I have two kids (also without pain relief during my labor, although my labors were very short)... thought I'd have more after med school before I had the second... now I'm pretty sure I'm done. I will willingly place myself among those who claim to be to selfish to have children - I just didn't realize it until I had a second child. I love everything about my first child - and love everything about my second child, but am having a very hard time maintaining saintliness when I have them both at the same time.
I think part of the problem is that I don't have much outside help. My husband is a great helper, but we don't have family in town and don't really have a babysitter either.
Another problem is probably that I expect too much from myself, many recent discussion with other parents have made me realize that many mothers experience guilt about their parenting and also make a lot of the mistakes that I do. I had fantastic parents and perhaps expect more than is possible from myself.
Anyway, so I probably had one child too many - hate to call it a mistake, it wasn't, I'm glad that both of my children are a part of my life.... anyway, even if it was a mistake, it doesn't matter, I'm a mother to two children. I love them both. Theres nothing I can do about it except do the best that I can. (And probably avoid having more children).

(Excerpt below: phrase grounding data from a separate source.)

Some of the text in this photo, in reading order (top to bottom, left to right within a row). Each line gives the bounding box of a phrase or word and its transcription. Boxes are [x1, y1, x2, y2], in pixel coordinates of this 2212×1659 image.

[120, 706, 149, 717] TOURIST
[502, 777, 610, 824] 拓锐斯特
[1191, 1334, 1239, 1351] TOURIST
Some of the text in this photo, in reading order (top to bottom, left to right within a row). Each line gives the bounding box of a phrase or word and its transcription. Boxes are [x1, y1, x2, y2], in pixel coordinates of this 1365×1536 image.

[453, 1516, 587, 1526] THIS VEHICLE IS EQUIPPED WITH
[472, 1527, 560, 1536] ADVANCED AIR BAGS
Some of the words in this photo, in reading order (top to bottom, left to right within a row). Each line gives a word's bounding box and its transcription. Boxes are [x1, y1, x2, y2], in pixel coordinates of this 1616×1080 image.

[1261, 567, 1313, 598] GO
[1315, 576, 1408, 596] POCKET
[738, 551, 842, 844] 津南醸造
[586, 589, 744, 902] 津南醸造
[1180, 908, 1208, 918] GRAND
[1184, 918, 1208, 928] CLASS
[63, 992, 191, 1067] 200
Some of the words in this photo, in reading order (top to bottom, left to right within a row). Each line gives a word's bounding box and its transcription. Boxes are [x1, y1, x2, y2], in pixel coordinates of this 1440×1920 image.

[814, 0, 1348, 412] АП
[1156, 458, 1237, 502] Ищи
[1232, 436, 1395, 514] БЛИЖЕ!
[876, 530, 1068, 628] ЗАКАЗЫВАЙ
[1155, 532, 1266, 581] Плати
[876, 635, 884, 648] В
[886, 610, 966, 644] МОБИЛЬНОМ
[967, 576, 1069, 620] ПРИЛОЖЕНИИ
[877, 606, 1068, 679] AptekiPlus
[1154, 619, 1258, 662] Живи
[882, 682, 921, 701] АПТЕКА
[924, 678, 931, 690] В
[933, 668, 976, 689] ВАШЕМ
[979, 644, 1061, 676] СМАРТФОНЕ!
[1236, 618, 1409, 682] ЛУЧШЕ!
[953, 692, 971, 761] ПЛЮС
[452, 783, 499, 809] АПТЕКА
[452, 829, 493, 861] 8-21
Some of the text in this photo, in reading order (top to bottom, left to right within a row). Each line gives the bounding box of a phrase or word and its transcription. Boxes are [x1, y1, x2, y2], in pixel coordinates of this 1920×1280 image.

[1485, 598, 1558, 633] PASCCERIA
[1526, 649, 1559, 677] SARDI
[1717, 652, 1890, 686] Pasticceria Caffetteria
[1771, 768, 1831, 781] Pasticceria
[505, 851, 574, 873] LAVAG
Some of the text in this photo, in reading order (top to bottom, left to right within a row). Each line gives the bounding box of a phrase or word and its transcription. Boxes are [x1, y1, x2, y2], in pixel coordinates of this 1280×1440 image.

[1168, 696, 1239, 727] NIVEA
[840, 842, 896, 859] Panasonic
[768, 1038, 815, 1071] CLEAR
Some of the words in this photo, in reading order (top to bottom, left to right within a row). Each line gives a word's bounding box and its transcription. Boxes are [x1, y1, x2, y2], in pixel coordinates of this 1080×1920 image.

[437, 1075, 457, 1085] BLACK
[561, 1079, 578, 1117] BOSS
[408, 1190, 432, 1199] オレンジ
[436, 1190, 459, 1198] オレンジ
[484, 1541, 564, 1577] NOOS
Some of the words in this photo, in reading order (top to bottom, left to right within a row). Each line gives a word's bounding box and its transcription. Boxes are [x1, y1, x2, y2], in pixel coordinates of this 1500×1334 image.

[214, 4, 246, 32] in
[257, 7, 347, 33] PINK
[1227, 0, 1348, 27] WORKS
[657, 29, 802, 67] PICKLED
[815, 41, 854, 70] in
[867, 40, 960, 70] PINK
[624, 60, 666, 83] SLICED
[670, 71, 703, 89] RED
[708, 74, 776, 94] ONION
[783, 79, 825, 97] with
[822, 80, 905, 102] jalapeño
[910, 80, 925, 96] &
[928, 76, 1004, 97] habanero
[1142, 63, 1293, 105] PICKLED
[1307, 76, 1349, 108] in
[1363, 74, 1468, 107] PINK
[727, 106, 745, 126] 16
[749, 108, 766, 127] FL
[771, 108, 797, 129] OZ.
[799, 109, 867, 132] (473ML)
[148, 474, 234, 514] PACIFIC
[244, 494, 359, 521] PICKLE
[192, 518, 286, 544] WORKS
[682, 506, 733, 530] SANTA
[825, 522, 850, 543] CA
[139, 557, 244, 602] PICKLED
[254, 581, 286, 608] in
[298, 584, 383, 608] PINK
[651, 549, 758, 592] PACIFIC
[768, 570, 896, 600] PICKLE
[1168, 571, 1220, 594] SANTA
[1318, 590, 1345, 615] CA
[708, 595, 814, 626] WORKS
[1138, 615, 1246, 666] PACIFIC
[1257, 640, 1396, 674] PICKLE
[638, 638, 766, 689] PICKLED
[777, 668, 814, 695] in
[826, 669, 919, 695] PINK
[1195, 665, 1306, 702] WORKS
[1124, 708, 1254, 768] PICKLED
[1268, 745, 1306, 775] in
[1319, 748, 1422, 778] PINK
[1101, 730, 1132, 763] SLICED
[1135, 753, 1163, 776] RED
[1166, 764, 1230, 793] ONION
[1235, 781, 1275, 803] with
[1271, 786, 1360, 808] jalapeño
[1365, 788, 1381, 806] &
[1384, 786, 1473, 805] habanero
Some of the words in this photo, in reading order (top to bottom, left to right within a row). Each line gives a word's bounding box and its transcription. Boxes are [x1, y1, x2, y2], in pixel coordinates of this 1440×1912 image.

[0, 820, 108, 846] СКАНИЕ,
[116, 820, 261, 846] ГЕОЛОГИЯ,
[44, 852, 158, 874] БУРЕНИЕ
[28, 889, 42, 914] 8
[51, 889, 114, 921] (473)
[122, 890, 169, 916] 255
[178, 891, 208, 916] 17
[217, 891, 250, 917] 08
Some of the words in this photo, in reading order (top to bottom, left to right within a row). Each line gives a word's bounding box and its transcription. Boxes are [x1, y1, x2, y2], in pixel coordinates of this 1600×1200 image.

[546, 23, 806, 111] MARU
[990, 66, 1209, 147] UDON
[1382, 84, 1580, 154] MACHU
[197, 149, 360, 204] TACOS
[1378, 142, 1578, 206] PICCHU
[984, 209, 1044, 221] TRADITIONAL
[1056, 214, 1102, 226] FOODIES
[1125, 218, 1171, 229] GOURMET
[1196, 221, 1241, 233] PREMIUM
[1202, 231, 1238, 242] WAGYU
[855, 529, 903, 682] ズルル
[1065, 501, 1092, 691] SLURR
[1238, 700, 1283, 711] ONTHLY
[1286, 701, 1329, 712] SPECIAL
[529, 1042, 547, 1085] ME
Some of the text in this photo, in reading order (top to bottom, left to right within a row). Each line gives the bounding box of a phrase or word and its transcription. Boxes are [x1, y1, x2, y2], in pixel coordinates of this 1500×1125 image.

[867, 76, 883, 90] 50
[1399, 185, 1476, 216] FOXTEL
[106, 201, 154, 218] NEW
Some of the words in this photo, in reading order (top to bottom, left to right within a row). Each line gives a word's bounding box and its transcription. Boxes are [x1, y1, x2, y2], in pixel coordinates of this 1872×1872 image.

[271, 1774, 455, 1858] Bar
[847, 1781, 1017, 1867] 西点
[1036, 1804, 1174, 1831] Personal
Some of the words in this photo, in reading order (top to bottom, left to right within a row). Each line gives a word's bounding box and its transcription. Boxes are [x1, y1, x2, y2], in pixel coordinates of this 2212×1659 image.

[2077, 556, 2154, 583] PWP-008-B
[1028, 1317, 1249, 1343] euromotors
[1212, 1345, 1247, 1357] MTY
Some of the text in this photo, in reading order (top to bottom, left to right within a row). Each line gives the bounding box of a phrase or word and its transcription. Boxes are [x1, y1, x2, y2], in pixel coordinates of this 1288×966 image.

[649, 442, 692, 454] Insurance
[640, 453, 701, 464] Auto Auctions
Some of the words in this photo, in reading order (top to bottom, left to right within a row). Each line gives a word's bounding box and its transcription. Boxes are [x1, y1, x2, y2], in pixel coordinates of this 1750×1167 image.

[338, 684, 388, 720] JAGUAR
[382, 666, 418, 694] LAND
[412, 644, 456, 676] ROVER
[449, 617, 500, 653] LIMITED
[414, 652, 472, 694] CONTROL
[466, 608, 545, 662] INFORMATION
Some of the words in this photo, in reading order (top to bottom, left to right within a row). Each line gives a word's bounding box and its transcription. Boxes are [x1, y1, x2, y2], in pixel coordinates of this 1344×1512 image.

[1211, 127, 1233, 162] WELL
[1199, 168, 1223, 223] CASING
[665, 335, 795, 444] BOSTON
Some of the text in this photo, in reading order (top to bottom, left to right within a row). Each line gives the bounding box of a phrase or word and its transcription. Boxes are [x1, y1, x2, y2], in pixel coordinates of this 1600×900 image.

Obviously making wise decisions (like for me avoiding a third child) is important, but the truth is, most people won't know what is too much until its too late.
So, perhaps the answer for me is to not go into medicine - well, as previously mentioned, I'm selfish. I'm not happy as a SAHM, in fact, I'm a worse mother as a SAHM than a working mother. So, I need a job, one I enjoy, that will afford us to have a stay at home parent, which will be, most likely, my husband, who is not nearly as motivated as I am (and a better parent).
Anyway, obviously the issue is a complicated one with different answers for different people. I congratulate those who have decided to not have children or to have only one child because its probably a smart decision. I also applaud those who have the patience and love and selflessness within them to raise many children. I wish I was more like you.